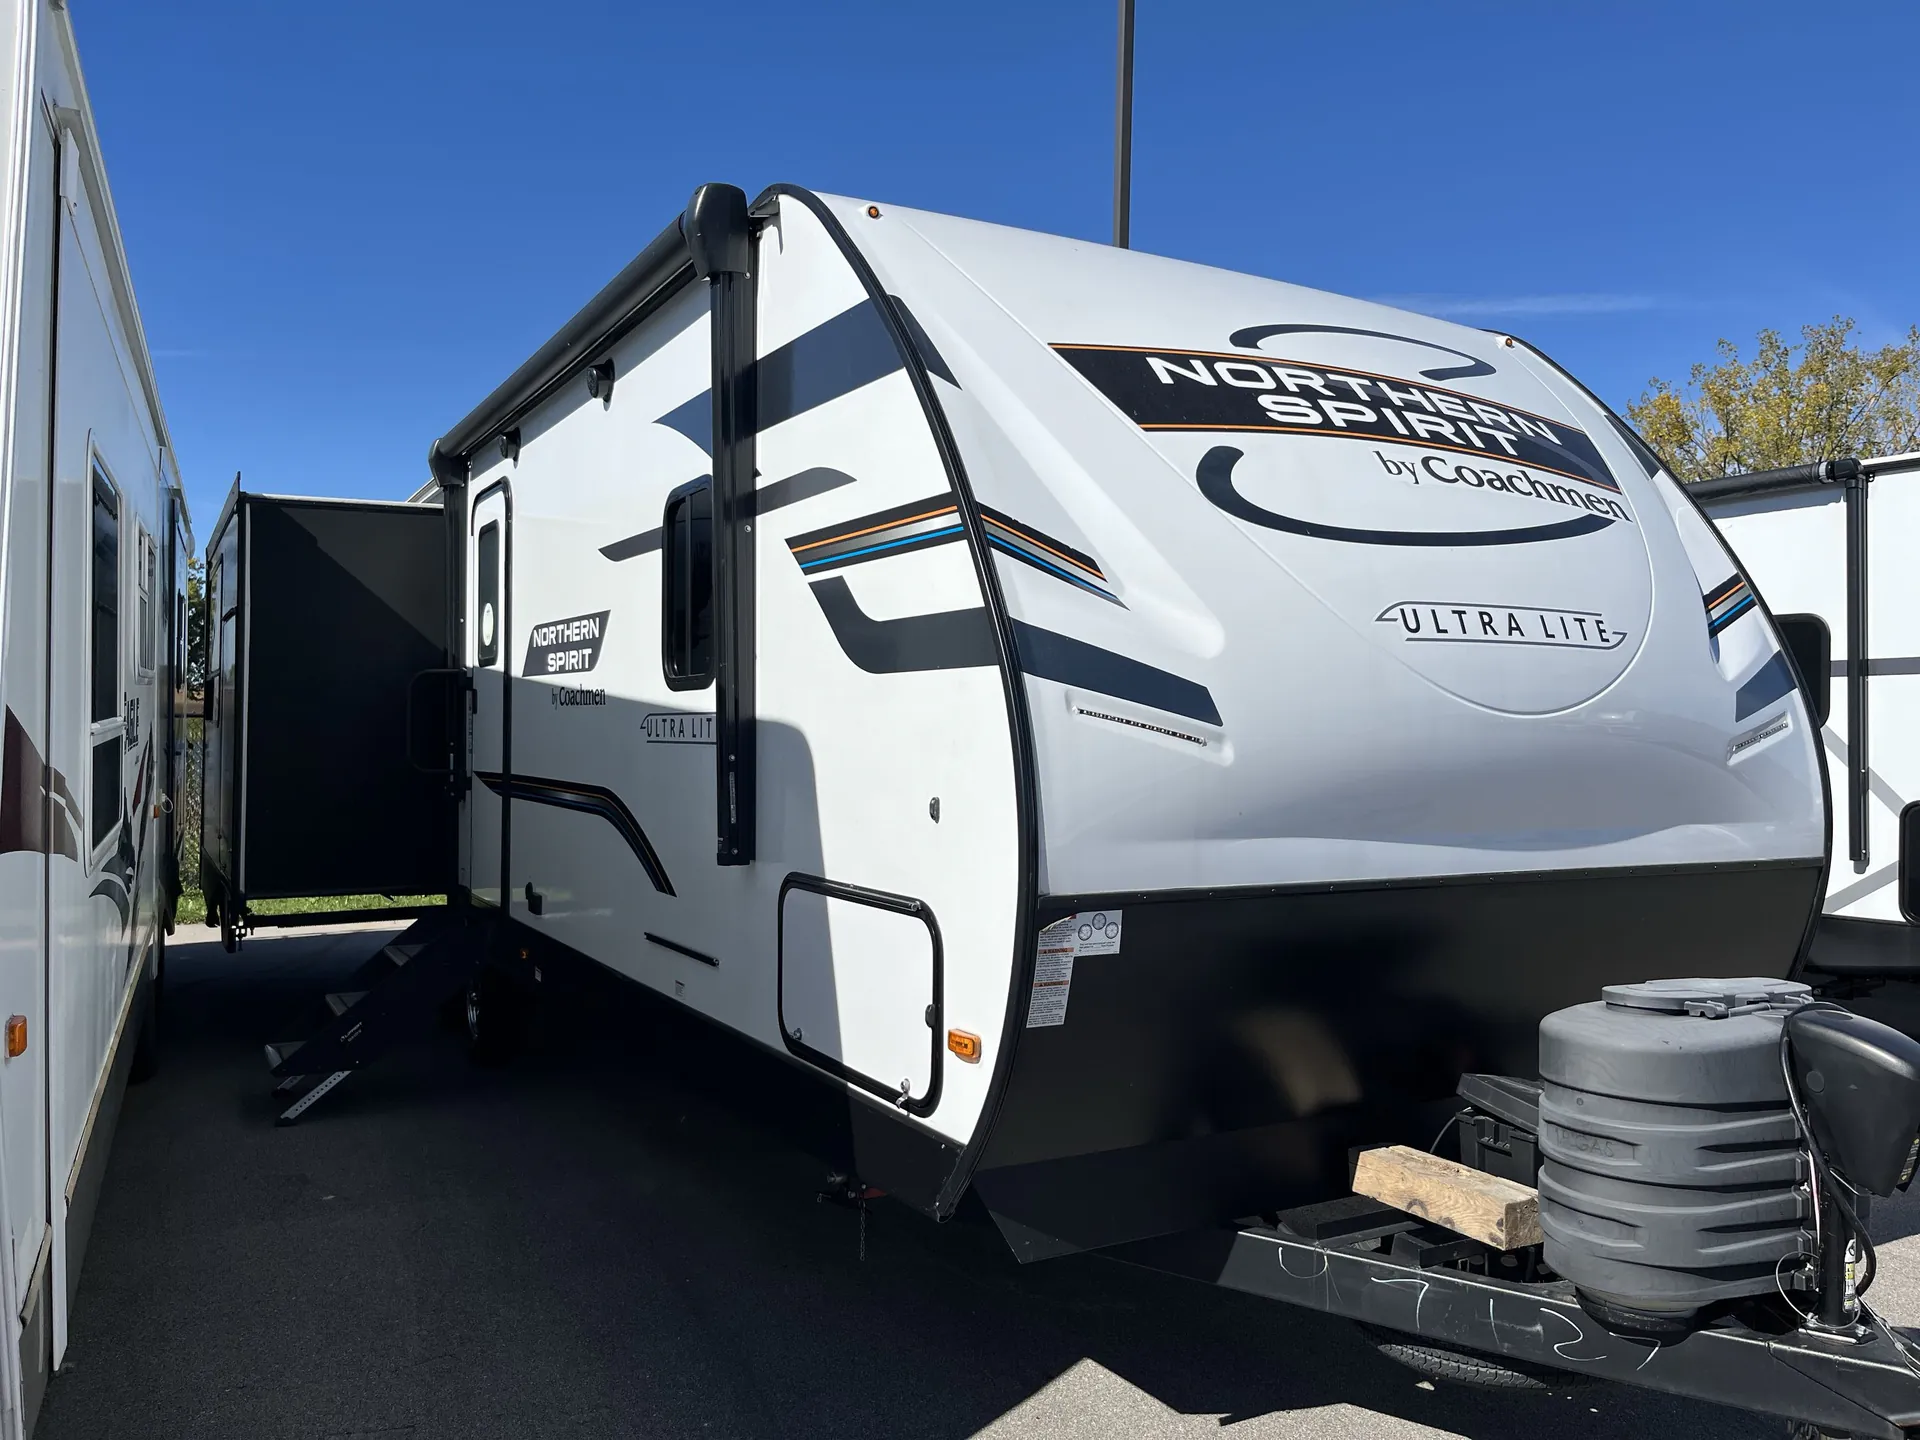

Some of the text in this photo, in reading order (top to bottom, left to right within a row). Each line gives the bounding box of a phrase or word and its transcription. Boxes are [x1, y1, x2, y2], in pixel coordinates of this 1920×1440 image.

[1144, 355, 1563, 446] NORTHERN
[1264, 394, 1519, 457] SPIRIT
[1373, 450, 1634, 523] by Coachmen
[533, 617, 600, 648] NORTHERN
[1398, 608, 1612, 644] ULTRA LITE
[547, 648, 593, 672] SPIRIT
[551, 684, 606, 710] by Coachmen
[646, 717, 713, 738] ULTRA LIT
◇ ◇ ◇ ◇ ◇
## [What you are asked to do]
Each entry is to be given again exactly as it stands, with its pictures removed.

## [Output for this exercise]
Some of the text in this photo, in reading order (top to bottom, left to right within a row). Each line gives the bounding box of a phrase or word and its transcription. Boxes are [x1, y1, x2, y2], in pixel coordinates of this 1920×1440 image.

[1144, 355, 1563, 446] NORTHERN
[1264, 394, 1519, 457] SPIRIT
[1373, 450, 1634, 523] by Coachmen
[533, 617, 600, 648] NORTHERN
[1398, 608, 1612, 644] ULTRA LITE
[547, 648, 593, 672] SPIRIT
[551, 684, 606, 710] by Coachmen
[646, 717, 713, 738] ULTRA LIT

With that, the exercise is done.